## Data provided
-=-=-=-=-
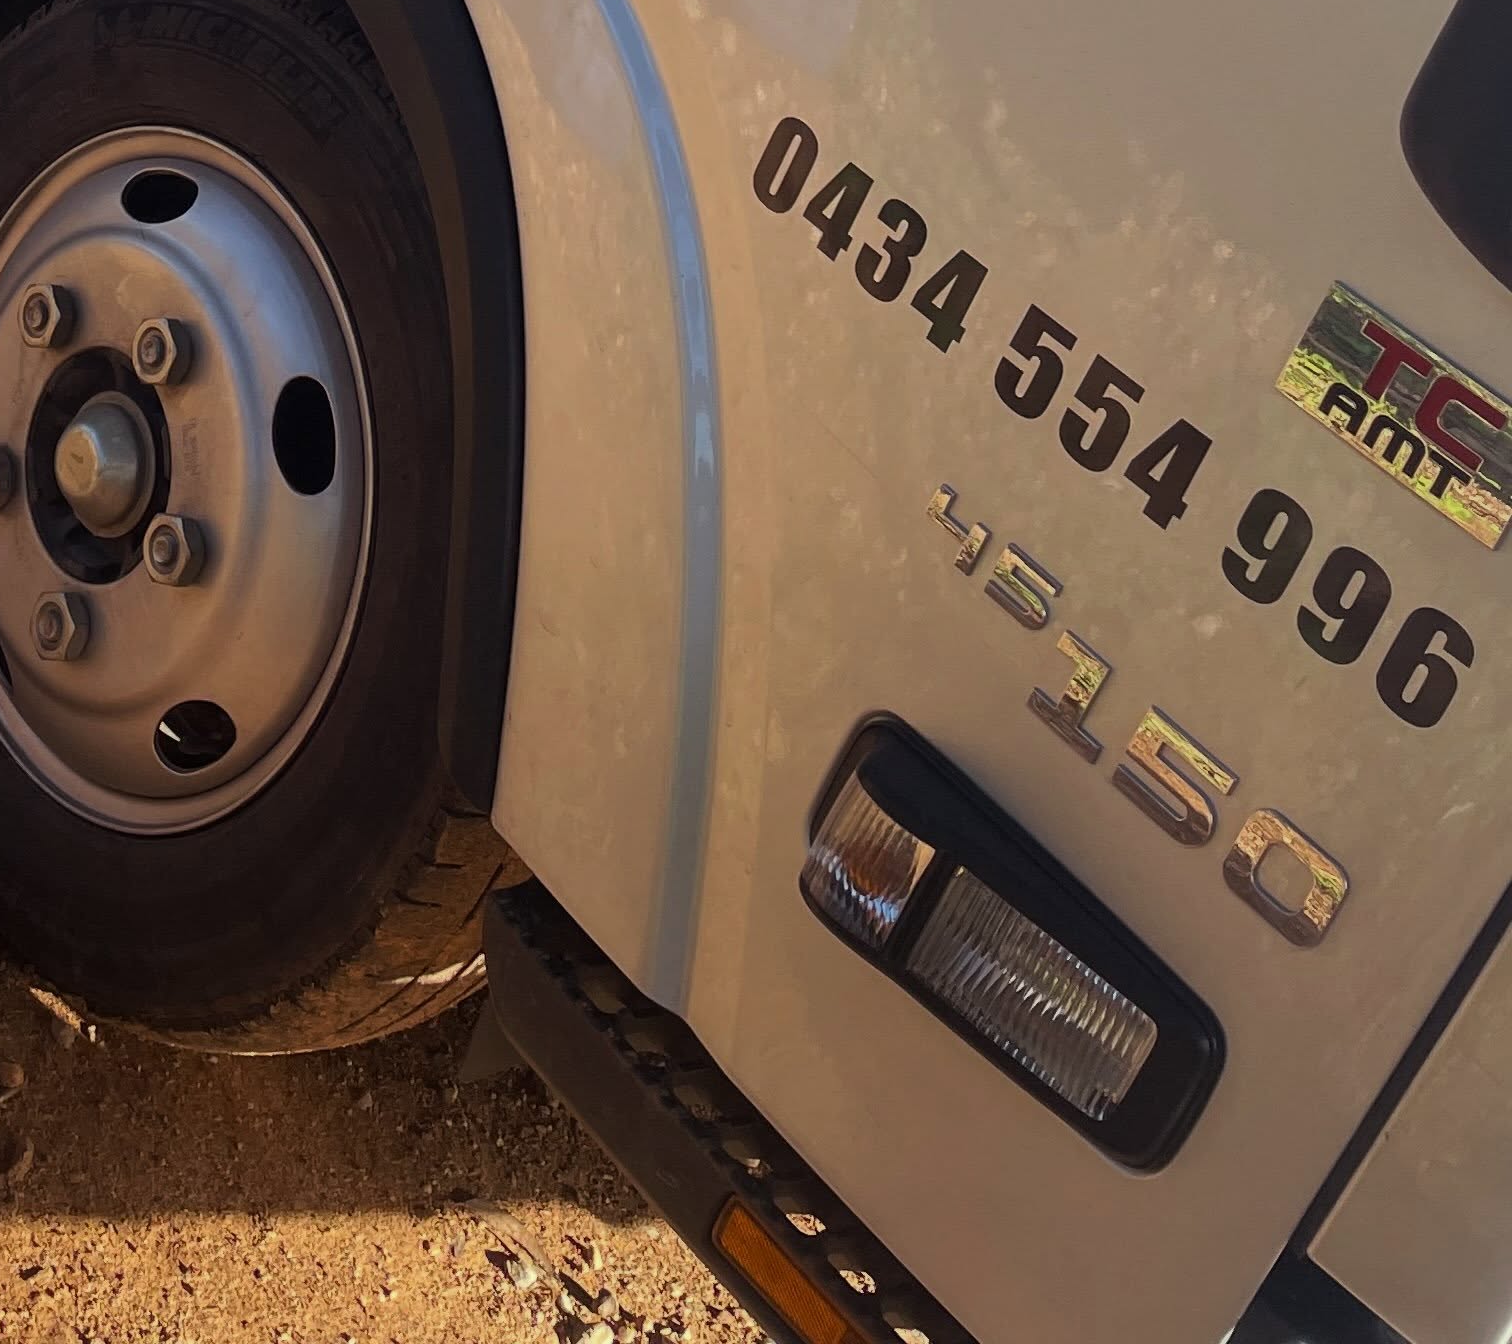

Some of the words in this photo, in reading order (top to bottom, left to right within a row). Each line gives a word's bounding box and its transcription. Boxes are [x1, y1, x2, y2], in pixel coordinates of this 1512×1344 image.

[751, 116, 990, 355] 0434
[993, 304, 1213, 532] 554
[1221, 488, 1476, 729] 996
[1318, 382, 1474, 500] AMT
[1360, 318, 1509, 473] TC
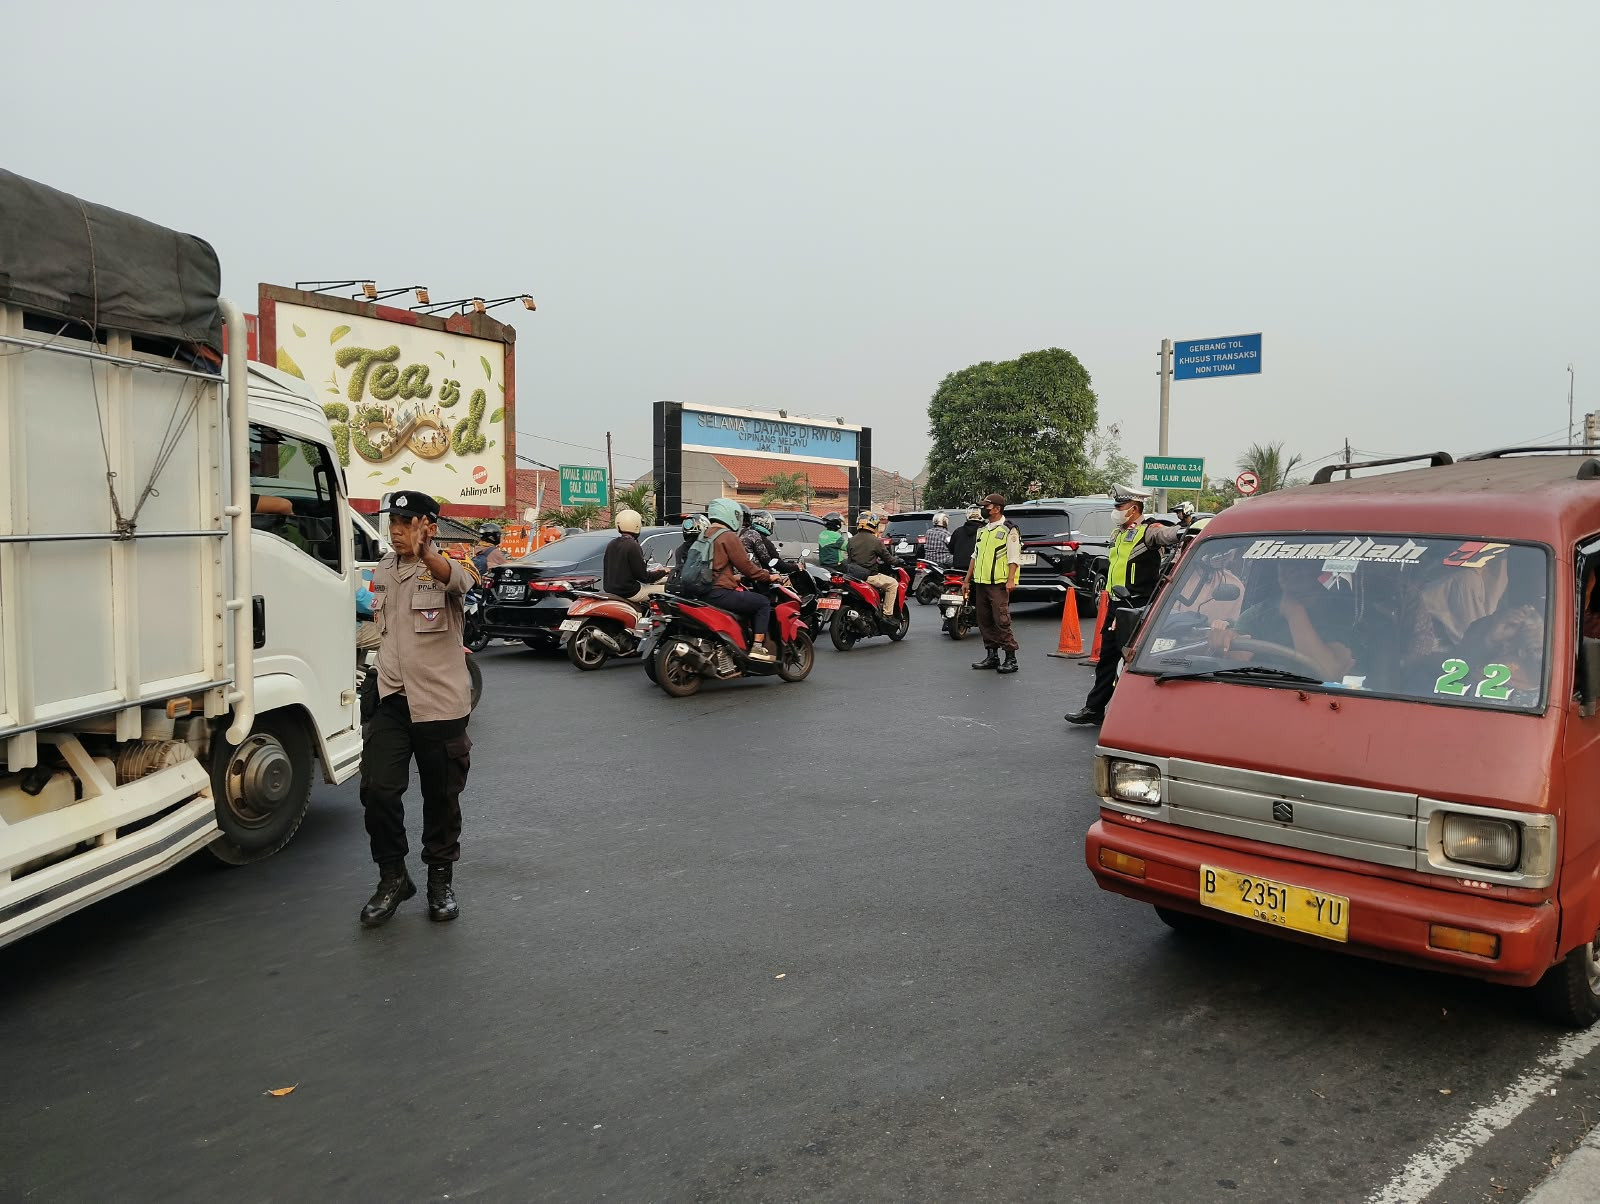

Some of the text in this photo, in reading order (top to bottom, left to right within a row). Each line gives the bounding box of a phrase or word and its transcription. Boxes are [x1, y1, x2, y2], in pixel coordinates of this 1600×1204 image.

[1189, 341, 1244, 353] GERBANG TOL
[1179, 350, 1257, 365] KHUSUS TRANSAKSI
[1195, 363, 1236, 374] NON TUNAI
[335, 345, 461, 408] Tea is
[697, 413, 842, 443] SELAMAT DATANG DI RW 09
[738, 432, 808, 448] CIPINANG MELAYU
[1145, 462, 1176, 470] KENDARAAN
[562, 468, 604, 482] ROYALE JAKARTA
[1181, 475, 1202, 483] KANAN
[460, 483, 501, 497] Ahlinya Teh
[569, 481, 598, 494] GOLF CLUB
[1242, 536, 1428, 559] Bismillah
[1205, 869, 1341, 925] B 2351 YU
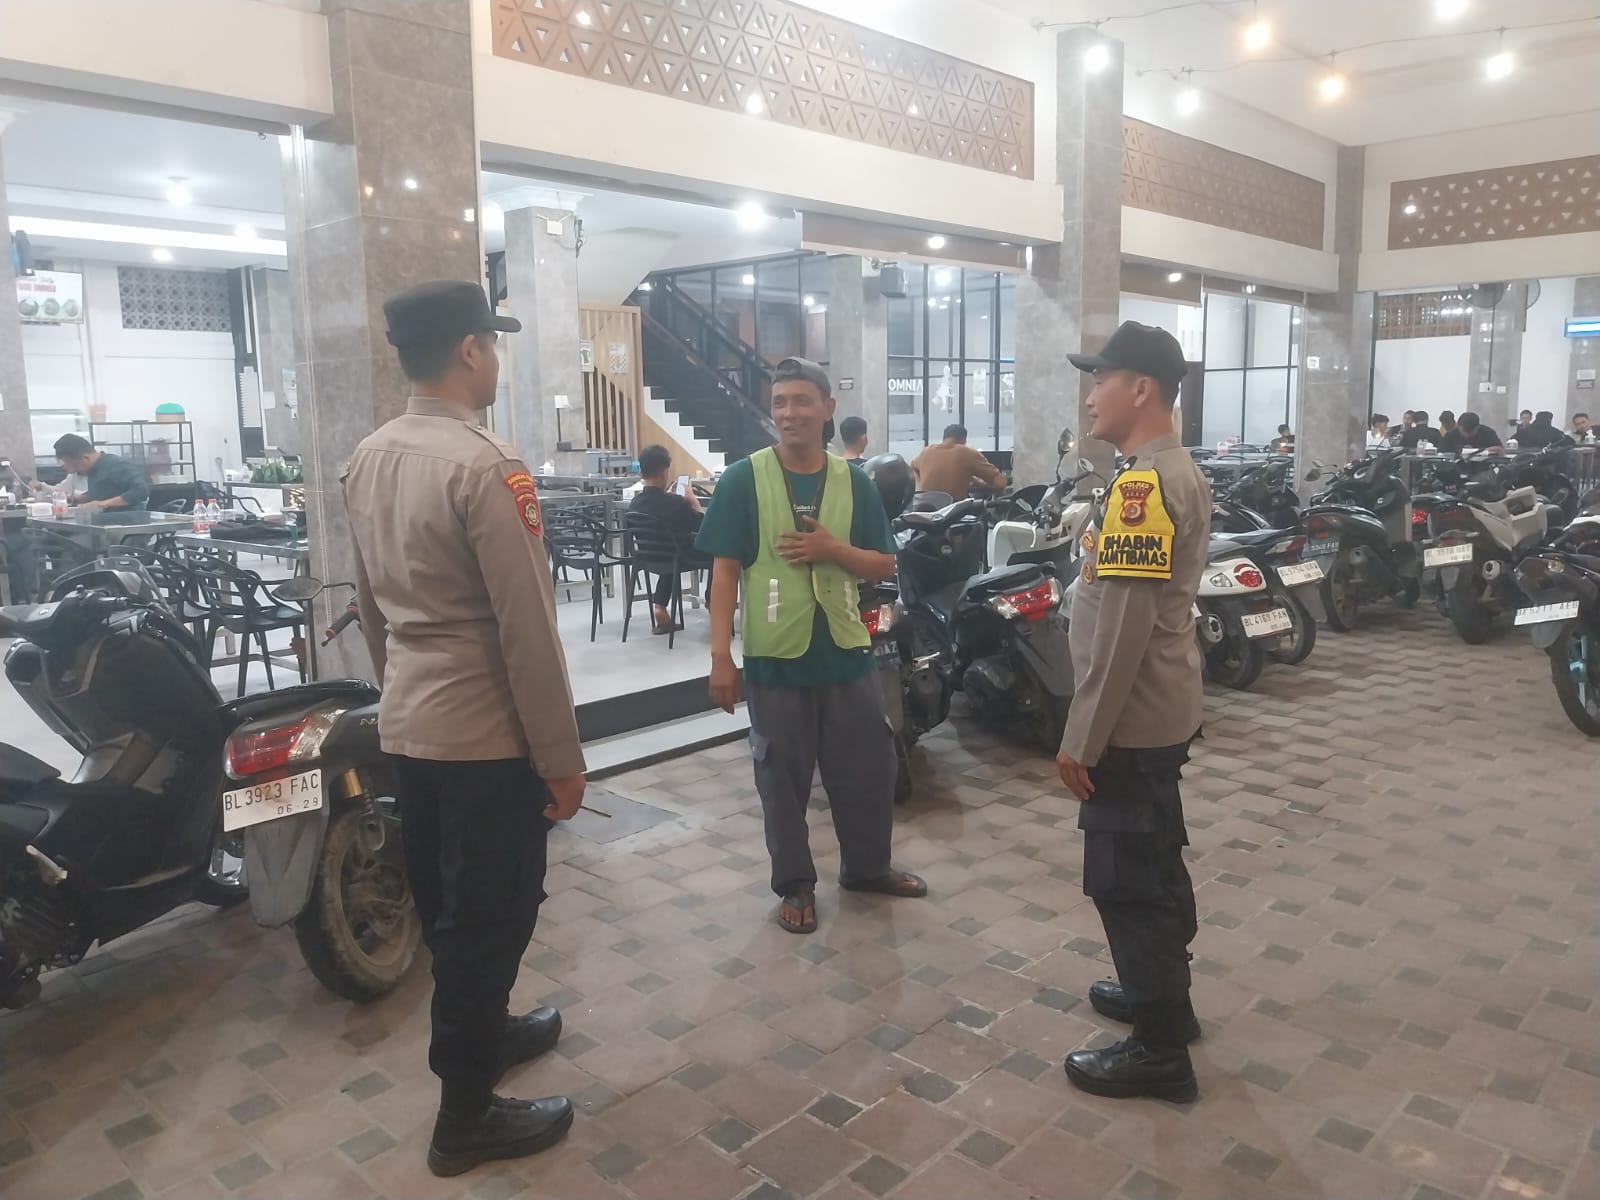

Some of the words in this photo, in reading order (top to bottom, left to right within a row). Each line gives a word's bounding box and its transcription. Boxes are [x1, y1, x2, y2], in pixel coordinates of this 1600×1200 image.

[225, 792, 242, 810] BL
[245, 782, 282, 806] 3923
[290, 773, 319, 795] FAC
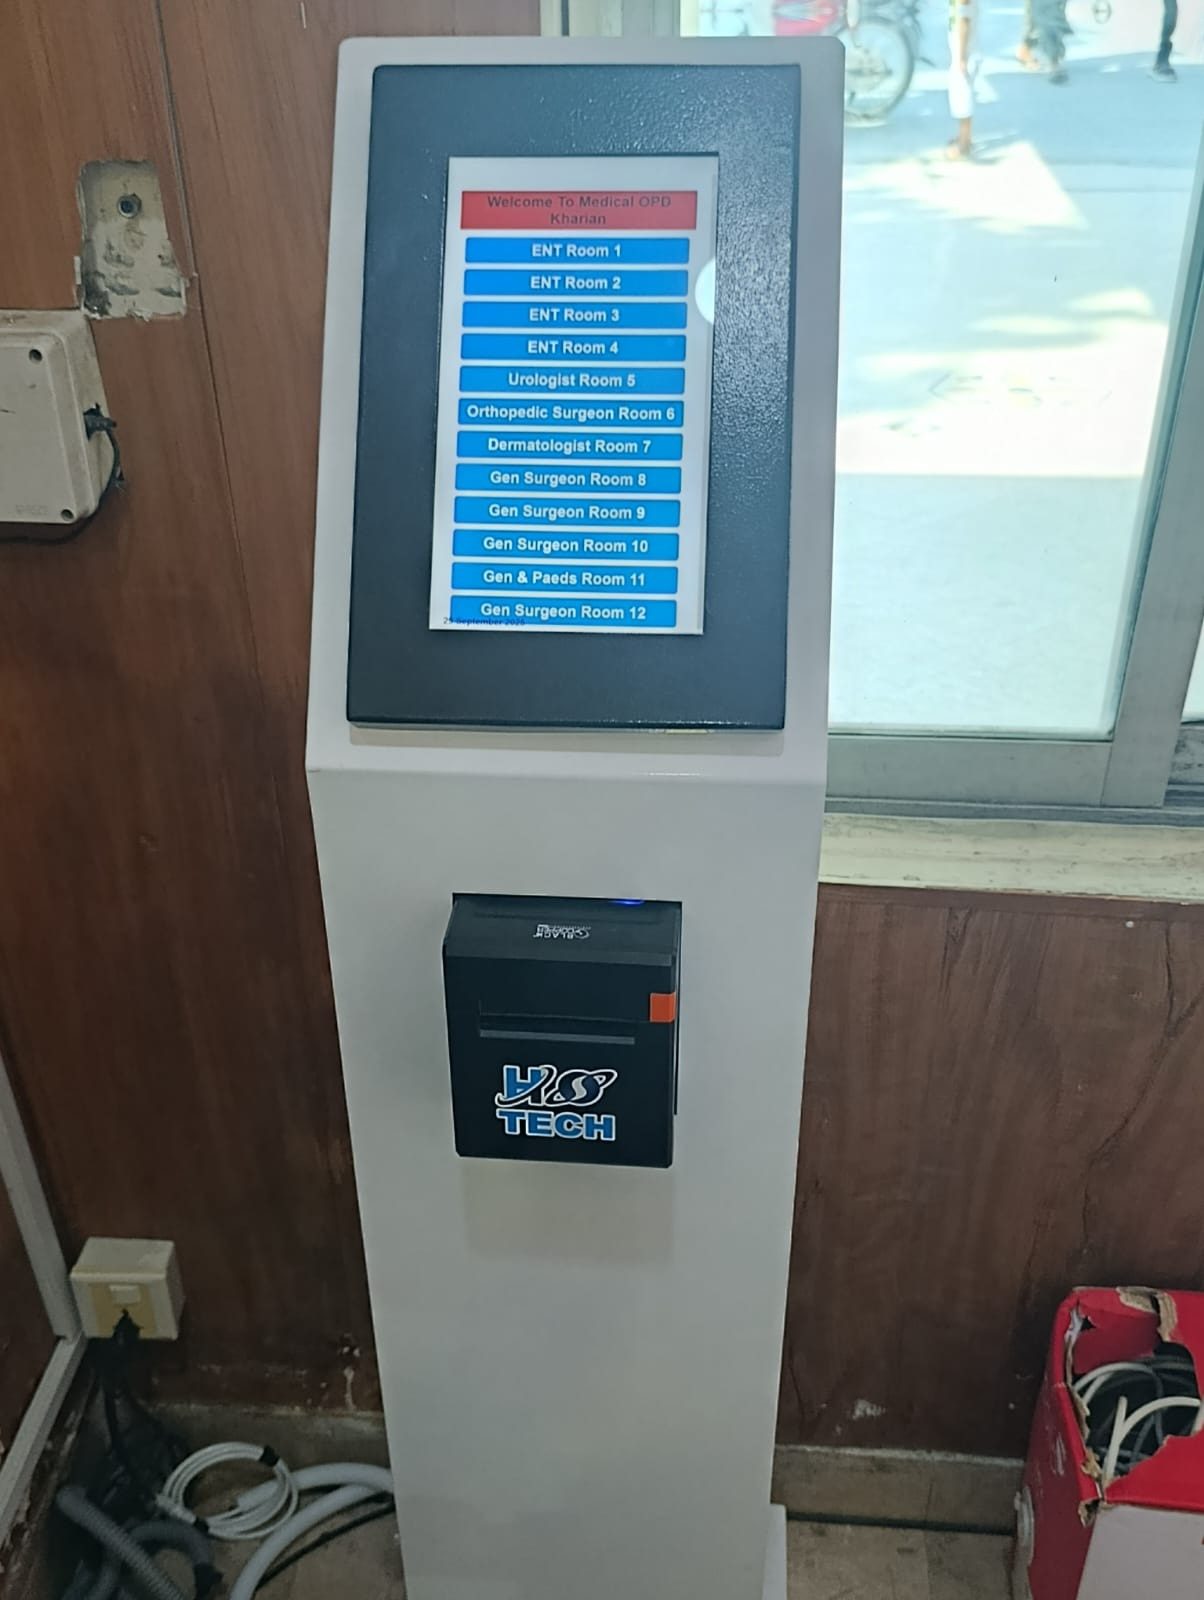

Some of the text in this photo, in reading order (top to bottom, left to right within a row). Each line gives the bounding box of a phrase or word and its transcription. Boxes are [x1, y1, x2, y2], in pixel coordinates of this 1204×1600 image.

[488, 196, 671, 208] Welcome To Medical OPD
[550, 213, 606, 225] Kharian
[532, 244, 622, 257] ENT Room 1
[530, 276, 622, 290] ENT Room 2
[530, 308, 620, 322] ENT Room 3
[528, 340, 618, 354] ENT Room 4
[508, 372, 636, 389] Urologist Room 5
[467, 405, 675, 422] Orthopedic Surgeon Room 6
[488, 438, 650, 454] Dermatologist Room 7
[490, 471, 646, 488] Gen Surgeon Room 8
[488, 504, 646, 520] Gen Surgeon Room 9
[484, 537, 648, 554] Gen Surgeon Room 10
[484, 570, 646, 586] Gen & Paeds Room 11
[481, 603, 646, 620] Gen Surgeon Room 12
[496, 1108, 616, 1141] TECH
-=-=-=-=-
Could every line above be set down exactly, with the pictures omitted?

## Problem solution
Some of the words in this photo, in reading order (top to bottom, left to right within a row). Each line gives a word's bounding box and its transcription. Boxes are [x1, y1, x2, y2], in pixel coordinates of this 1512×1344 image.

[751, 116, 990, 355] 0434
[993, 304, 1213, 532] 554
[1221, 488, 1476, 729] 996
[1318, 382, 1474, 500] AMT
[1360, 318, 1509, 473] TC

Some of the text in this photo, in reading order (top to bottom, left to right within a row). Each line gives the bounding box of a phrase or word and its transcription. Boxes are [x1, y1, x2, y2], in pixel coordinates of this 1600×1204 image.

[1189, 341, 1244, 353] GERBANG TOL
[1179, 350, 1257, 365] KHUSUS TRANSAKSI
[1195, 363, 1236, 374] NON TUNAI
[335, 345, 461, 408] Tea is
[697, 413, 842, 443] SELAMAT DATANG DI RW 09
[738, 432, 808, 448] CIPINANG MELAYU
[1145, 462, 1176, 470] KENDARAAN
[562, 468, 604, 482] ROYALE JAKARTA
[1181, 475, 1202, 483] KANAN
[460, 483, 501, 497] Ahlinya Teh
[569, 481, 598, 494] GOLF CLUB
[1242, 536, 1428, 559] Bismillah
[1205, 869, 1341, 925] B 2351 YU

Some of the words in this photo, in reading order (top to bottom, left to right within a row). Each line gives a word's bounding box and its transcription. Boxes are [x1, y1, x2, y2], in pixel coordinates of this 1600×1200 image.

[225, 792, 242, 810] BL
[245, 782, 282, 806] 3923
[290, 773, 319, 795] FAC

Some of the text in this photo, in reading order (top to bottom, left to right within a row). Each line gives the bounding box of a phrase or word and its transcription. Boxes are [x1, y1, x2, y2], in pixel coordinates of this 1204×1600 image.

[488, 196, 671, 208] Welcome To Medical OPD
[550, 213, 606, 225] Kharian
[532, 244, 622, 257] ENT Room 1
[530, 276, 622, 290] ENT Room 2
[530, 308, 620, 322] ENT Room 3
[528, 340, 618, 354] ENT Room 4
[508, 372, 636, 389] Urologist Room 5
[467, 405, 675, 422] Orthopedic Surgeon Room 6
[488, 438, 650, 454] Dermatologist Room 7
[490, 471, 646, 488] Gen Surgeon Room 8
[488, 504, 646, 520] Gen Surgeon Room 9
[484, 537, 648, 554] Gen Surgeon Room 10
[484, 570, 646, 586] Gen & Paeds Room 11
[481, 603, 646, 620] Gen Surgeon Room 12
[496, 1108, 616, 1141] TECH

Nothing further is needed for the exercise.